What to work on >>
Your answer must be an exact copy of the records below, minus the pictures.

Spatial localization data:

========================================================================

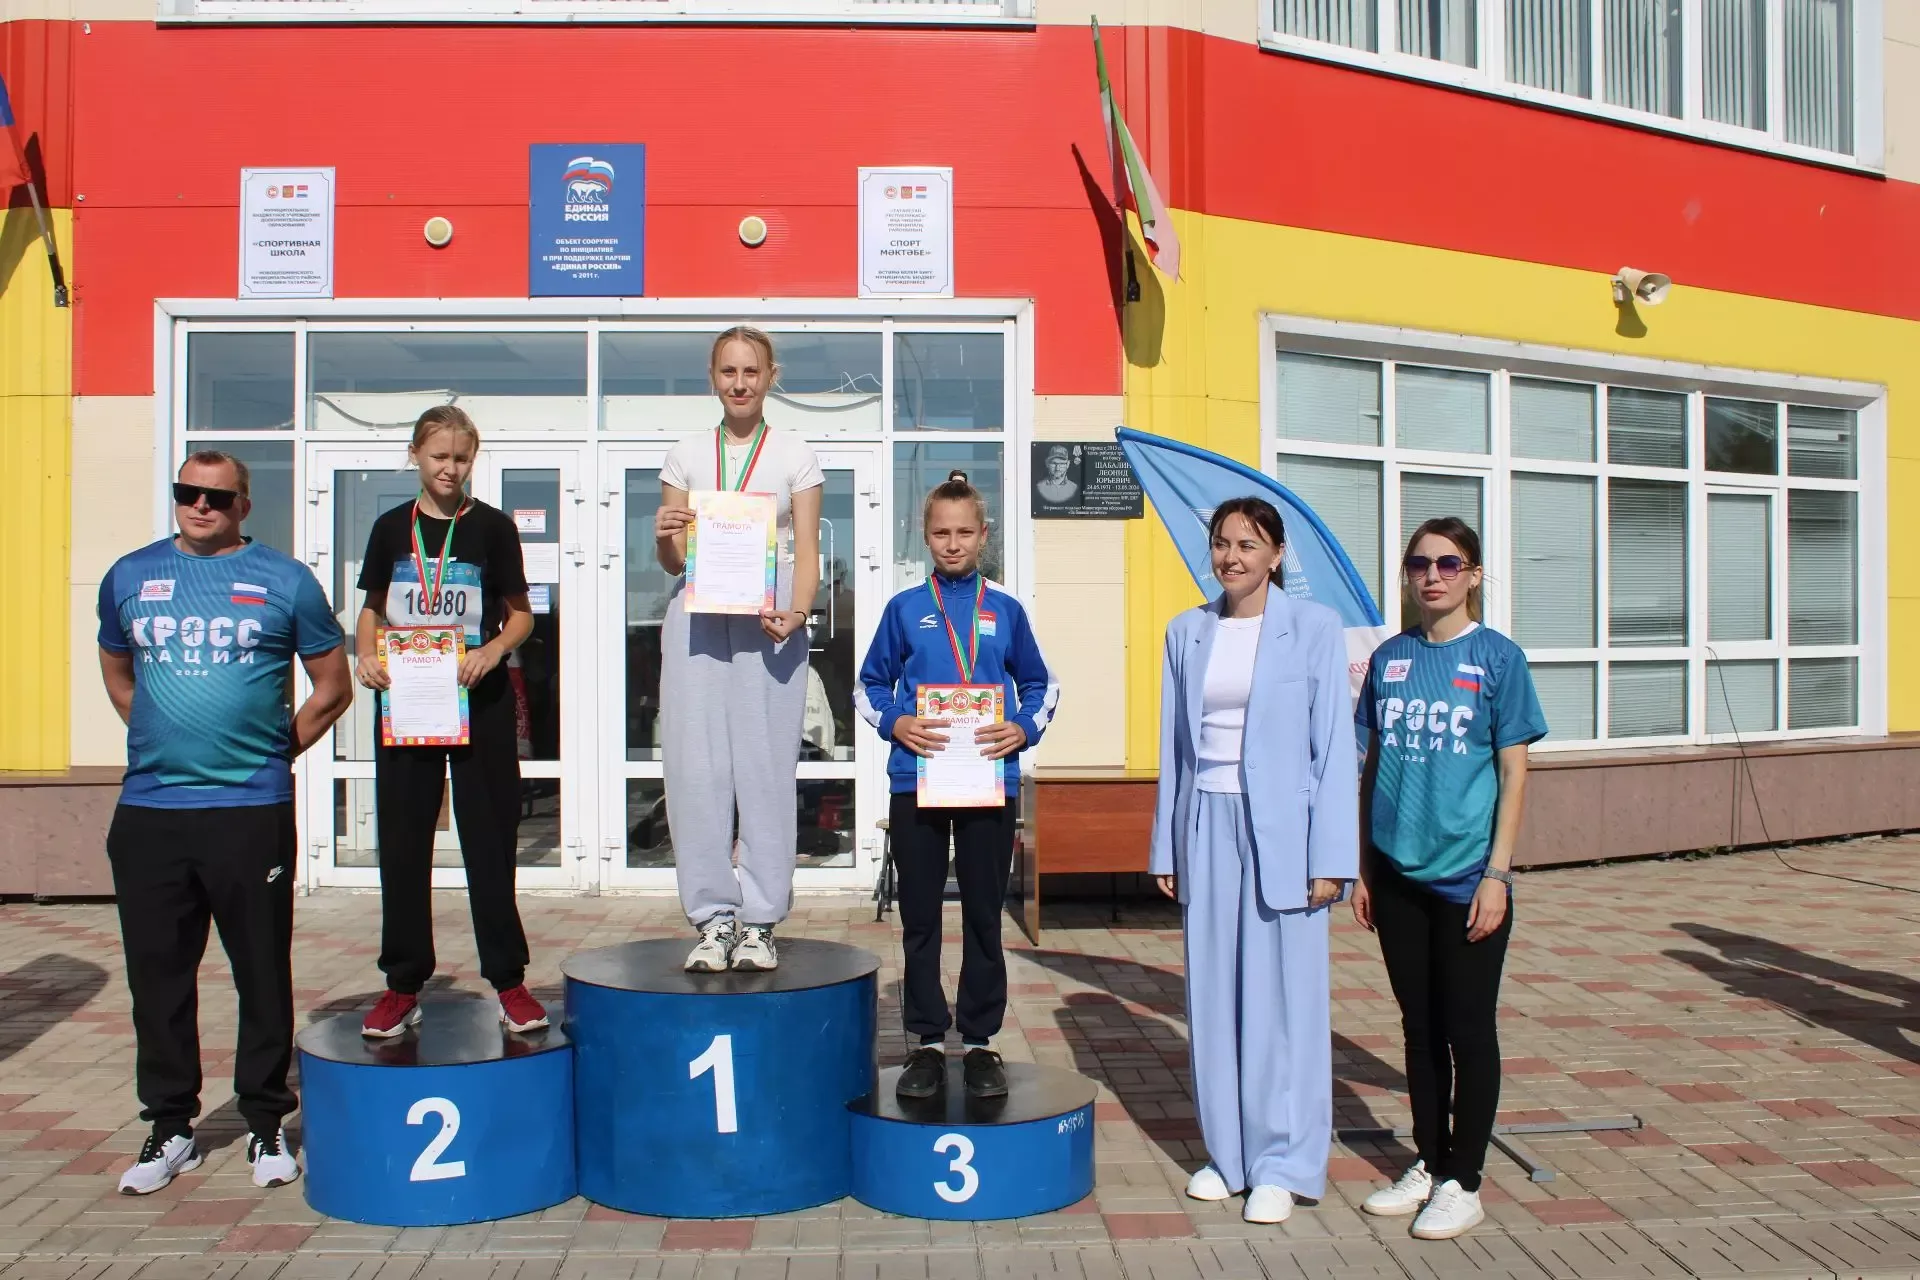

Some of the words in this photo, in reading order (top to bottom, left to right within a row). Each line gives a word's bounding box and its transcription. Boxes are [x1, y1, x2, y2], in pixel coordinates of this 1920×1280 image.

[565, 204, 609, 213] ЕДИНАЯ
[565, 213, 609, 221] РОССИЯ
[270, 249, 306, 257] ШКОЛА
[551, 263, 587, 271] «ЕДИНАЯ
[712, 522, 752, 531] ГРАМОТА
[404, 588, 467, 617] 16980
[132, 615, 263, 649] КРОСС
[143, 649, 255, 665] НАЦИИ
[402, 656, 442, 664] ГРАМОТА
[1383, 732, 1468, 755] АЦИИ
[688, 1034, 738, 1134] 1
[405, 1096, 467, 1182] 2
[932, 1132, 979, 1204] 3
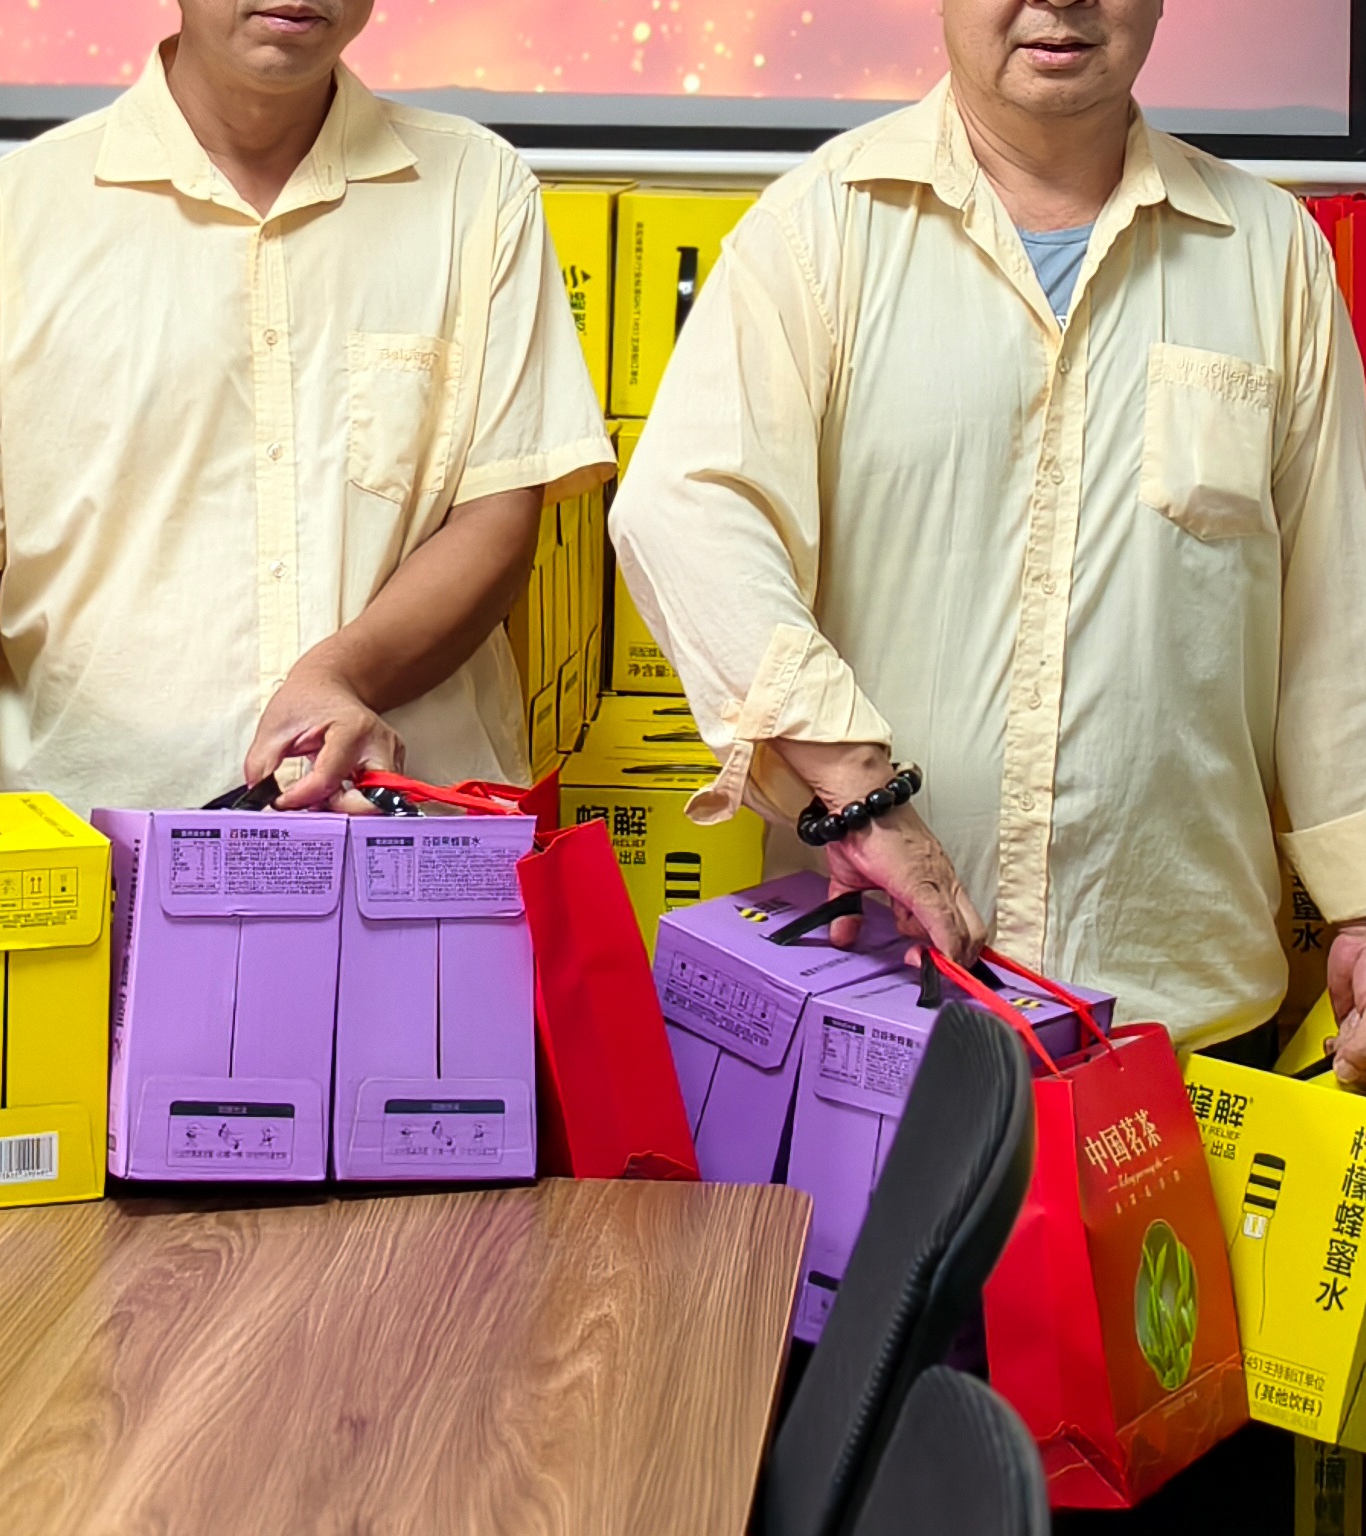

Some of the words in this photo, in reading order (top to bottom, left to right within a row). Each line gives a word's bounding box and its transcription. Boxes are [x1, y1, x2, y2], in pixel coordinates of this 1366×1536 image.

[628, 664, 676, 678] 净含量:
[619, 850, 646, 865] 出品
[1291, 875, 1325, 953] 蜜水
[1185, 1081, 1248, 1128] 蜂解
[1084, 1109, 1162, 1174] 中国茗茶
[1210, 1125, 1241, 1140] RELIEF
[1210, 1140, 1236, 1160] 出品
[1254, 1381, 1323, 1418] (其他饮料)

========================================================================

Solved exercise >>
Some of the words in this photo, in reading order (top to bottom, left to right within a row). Each line gives a word's bounding box and its transcription. Boxes are [x1, y1, x2, y2], in pixel coordinates of this 1920×1280 image.

[565, 204, 609, 213] ЕДИНАЯ
[565, 213, 609, 221] РОССИЯ
[270, 249, 306, 257] ШКОЛА
[551, 263, 587, 271] «ЕДИНАЯ
[712, 522, 752, 531] ГРАМОТА
[404, 588, 467, 617] 16980
[132, 615, 263, 649] КРОСС
[143, 649, 255, 665] НАЦИИ
[402, 656, 442, 664] ГРАМОТА
[1383, 732, 1468, 755] АЦИИ
[688, 1034, 738, 1134] 1
[405, 1096, 467, 1182] 2
[932, 1132, 979, 1204] 3

Some of the words in this photo, in reading order (top to bottom, left to right within a row). Each line gives a word's bounding box and its transcription. Boxes are [x1, y1, x2, y2], in pixel coordinates of this 1366×1536 image.

[628, 664, 676, 678] 净含量:
[619, 850, 646, 865] 出品
[1291, 875, 1325, 953] 蜜水
[1185, 1081, 1248, 1128] 蜂解
[1084, 1109, 1162, 1174] 中国茗茶
[1210, 1125, 1241, 1140] RELIEF
[1210, 1140, 1236, 1160] 出品
[1254, 1381, 1323, 1418] (其他饮料)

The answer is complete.